PLAN OF DISTRIBUTION

 

The Selling Stockholders may resell under this prospectus up to 4,891,457 Shares that have been or may be issued to the Selling Stockholders. The Selling Stockholders may sell the Shares from time to time and may also decide not to sell all the Shares they are permitted to sell under this prospectus. The Selling Stockholders will act independently of us in making decisions with respect to the timing, manner and size of each sale. The Selling Stockholders may effect such transactions by selling the Shares to or through broker-dealers. Subject to the restrictions described in this prospectus, the Shares being offered under this prospectus may be sold from time to time by the Selling Stockholders in any of the following ways:

 

  through a broker or brokers, acting as principals or agents. Transactions through broker-dealers may include block trades in which brokers or dealers will attempt to sell our Common Stock as agent but may position and resell the block as principal to facilitate the transaction. Our Common Stock may be sold through dealers or agents or to dealers acting as market makers. Broker-dealers may receive compensation in the form of discounts, concessions, or commissions from the Selling Stockholders and/or the purchase of our Common Stock for whom such broker-dealers may act as agents or to whom they sell as principal, or both (which compensation as to a particular broker-dealer might be in excess of customary commissions);
     
  on any national securities exchange or quotation service on which our Common Stock may be listed or quoted at the time of sale, in the over-the-counter market, or in transactions otherwise than on such exchanges or services or in the over-the-counter market; or
     
  in private sales directly to purchasers.

 

5
 

 

To the extent required, this prospectus may be amended or supplemented from time to time to describe a specific plan of distribution. In effecting sales, broker-dealers engaged by the Selling Stockholders may arrange for other broker-dealers to participate in the resales.

 

The Selling Stockholders may enter into option or other transactions with broker-dealers, which require the delivery of shares to the broker-dealer. The broker-dealer may then resell or otherwise transfer such shares pursuant to this prospectus.

 

The Selling Stockholders also may loan or pledge Shares to a broker-dealer. The broker-dealer may sell the Shares so loaned, or upon a default the broker-dealer may sell the Shares so pledged, pursuant to this prospectus. Broker-dealers or agents may receive compensation in the form of commissions, discounts or concessions from Selling Stockholders. Broker-dealers or agents may also receive compensation from the purchasers of Shares for whom they act as agents or to whom they sell as principals, or both. Compensation as to a particular broker-dealer might be in excess of customary commissions and will be in amounts to be negotiated in connection with transactions involving Shares.
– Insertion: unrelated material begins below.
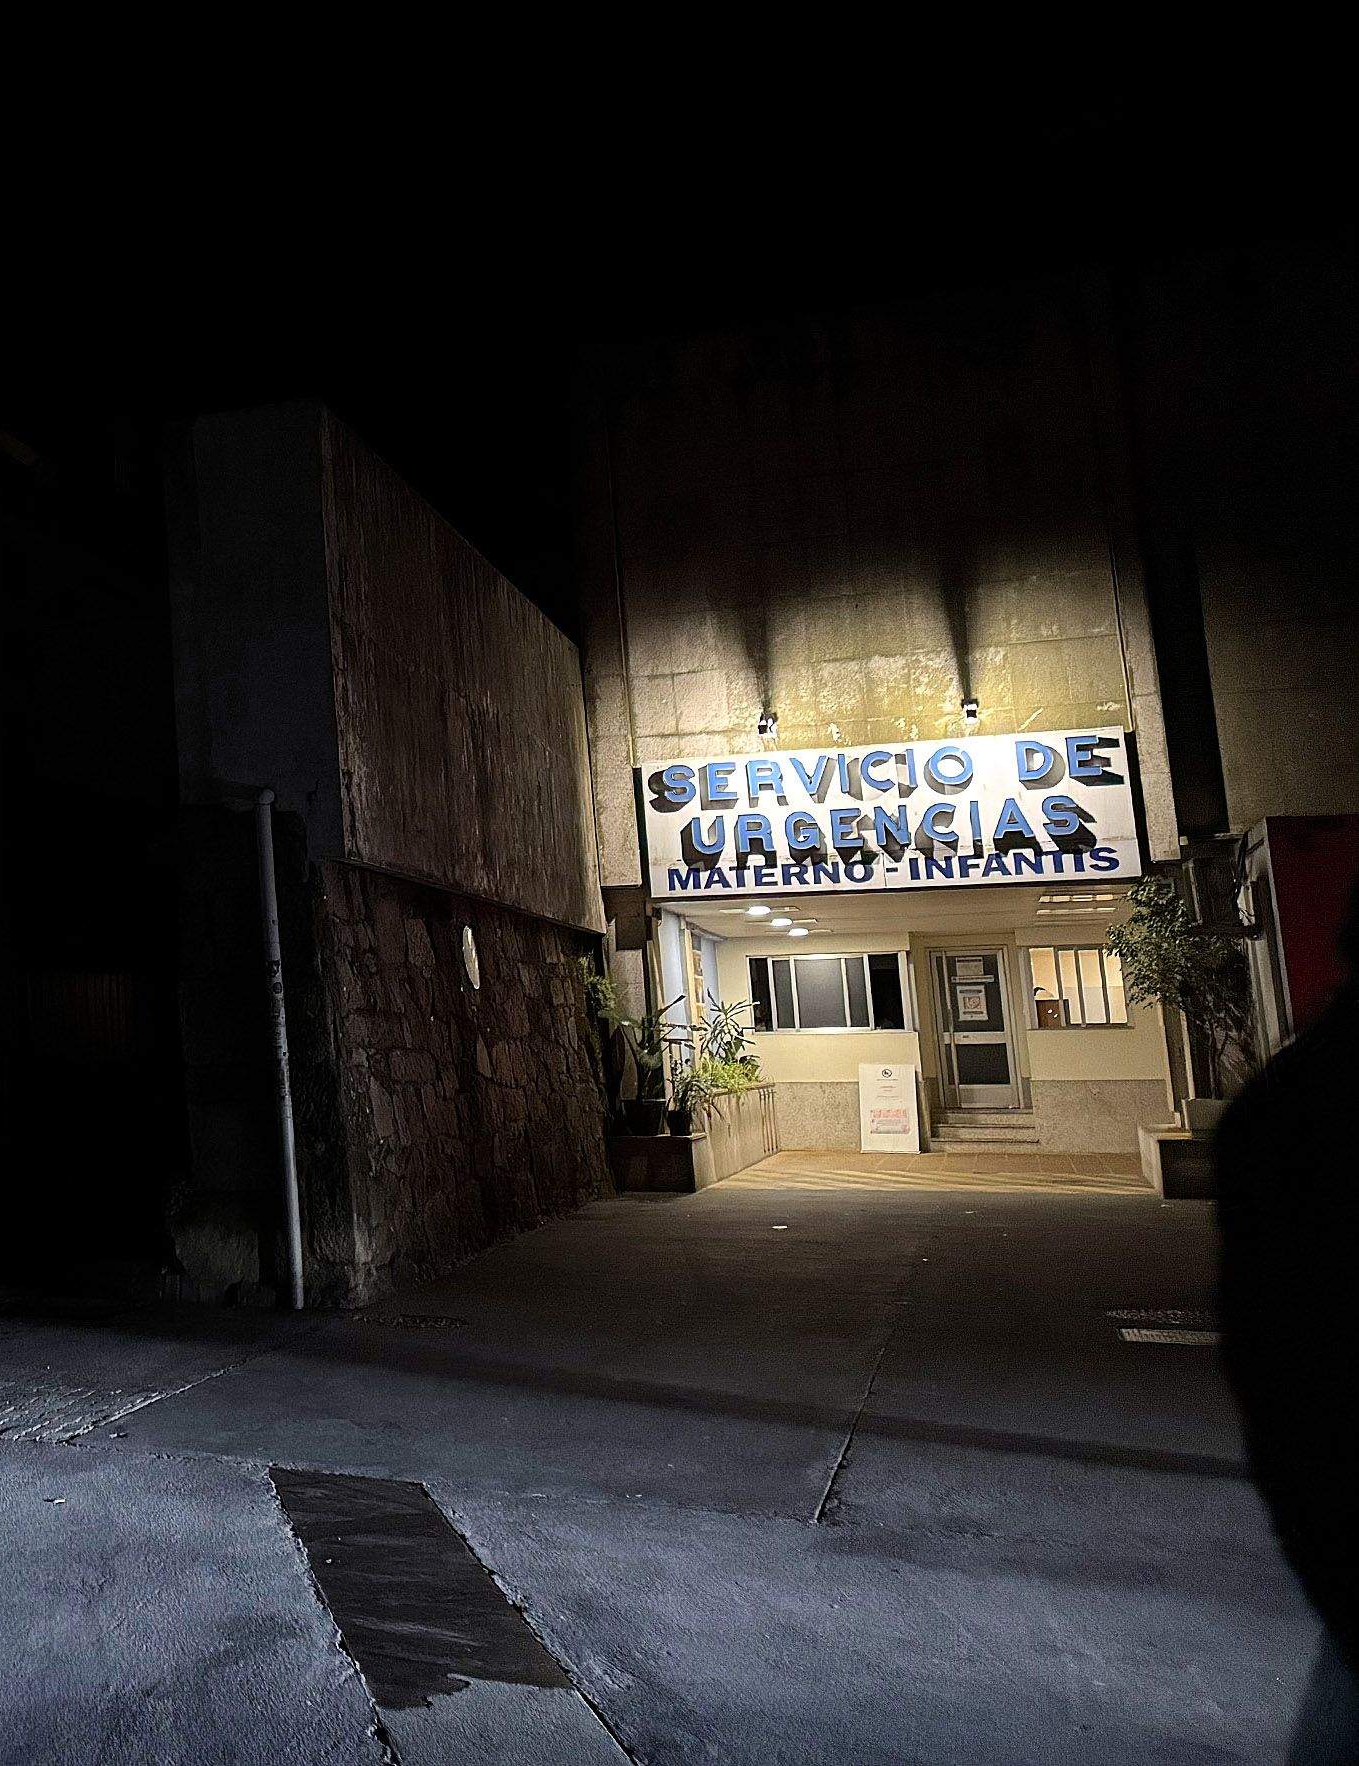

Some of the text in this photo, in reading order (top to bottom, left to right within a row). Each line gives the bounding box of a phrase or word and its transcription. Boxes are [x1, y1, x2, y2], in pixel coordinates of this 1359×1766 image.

[662, 734, 1103, 803] SERVICIO DE
[692, 795, 1081, 854] URGENCIAS
Broker-dealers or agents and any other participating broker-dealers or the Selling Stockholders may be deemed to be “underwriters” within the meaning of Section 2(a)(11) of the Securities Act in connection with sales of Shares. Accordingly, any such commission, discount or concession received by them and any profit on the resale of Shares purchased by them may be deemed to be underwriting discounts or commissions under the Securities Act. Because the Selling Stockholders may be deemed to be “underwriters” within the meaning of Section 2(a)(11) of the Securities Act, the Selling Stockholders will be subject to the prospectus delivery requirements of the Securities Act. In addition, any Shares of a Selling Stockholder covered by this prospectus which qualify for sale pursuant to Rule 144 promulgated under the Securities Act may be sold under Rule 144 rather than pursuant to this prospectus.

 

The Shares may be sold by Selling Stockholders only through registered or licensed brokers or dealers if required under applicable state securities laws. In addition, in certain states the Shares may not be sold unless they have been registered or qualified for sale in the applicable state or an exemption from the registration or qualification requirement is available and is complied with.

 

Under applicable rules and regulations under the Exchange Act, any person engaged in the distribution of Shares may not simultaneously engage in market making activities with respect to our Common Stock for a period of two business days prior to the commencement of such distribution. In addition, each Selling Stockholder will be subject to applicable provisions of the Exchange Act and the associated rules and regulations under the Exchange Act, including Regulation M, which provisions may limit the timing of purchases and sales of Shares by the Selling Stockholders. We will make copies of this prospectus available to the Selling Stockholders and have informed them of the need for delivery of copies of this prospectus to purchasers at or prior to the time of any sale of the Shares.

 

We will file a supplement to this prospectus, if required, pursuant to Rule 424(b) under the Securities Act upon being notified by a Selling Stockholder that any material arrangement has been entered into with a broker-dealer for the sale of Shares through a block trade, special offering, exchange distribution or secondary distribution or a purchase by a broker or dealer. Such supplement will disclose:

 

  the name of each such Selling Stockholder and of the participating broker-dealer(s);
     
  the number of Shares involved;
     
  the price at which such Shares were sold;
     
  the commissions paid or discounts or concessions allowed to such broker-dealer(s), where applicable;
     
  that such broker-dealer(s) did not conduct any investigation to verify the information set out or incorporated by reference in this prospectus; and
     
  other facts material to the transaction.

 

We will bear all costs, expenses and fees in connection with the registration of the Shares. The Selling Stockholders will bear all commissions and discounts, if any, attributable to the sales of the Shares.

 

6
 

 

DESCRIPTION OF COMMON STOCK

 

The following is a summary of all material characteristics of our Common Stock as set forth in our certificate of incorporation and bylaws. The summary does not purport to be complete and is qualified in its entirety by reference to our certificate of incorporation and bylaws, and to the provisions of the General Corporation Law of the State of Delaware.

 

Common Stock

 

We are authorized to issue up to 180,000,000 shares of common stock, par value $0.006 per share. As of December 31, 2018, 10,761,684 shares of our common stock were issued and outstanding, 66,666 unissued shares of common stock were reserved for issuance upon the conversion of outstanding shares of our Series C Convertible Preferred Stock, 50,000 unissued shares of common stock were reserved for issuance upon the conversion of outstanding shares of our Series D Convertible Preferred Stock, 34,880,000 unissued shares of common stock were reserved for issuance upon the conversion of outstanding shares of our Series E Convertible Preferred Stock, 3,810,000 unissued shares of common stock were reserved for issuance upon the conversion of outstanding shares of our Series F Convertible Preferred Stock, 36,267,329 unissued shares of common stock were reserved for issuance upon the exercise of outstanding warrants, and 5,613,057 unissued shares of common stock were reserved for issuance upon the exercise of outstanding options.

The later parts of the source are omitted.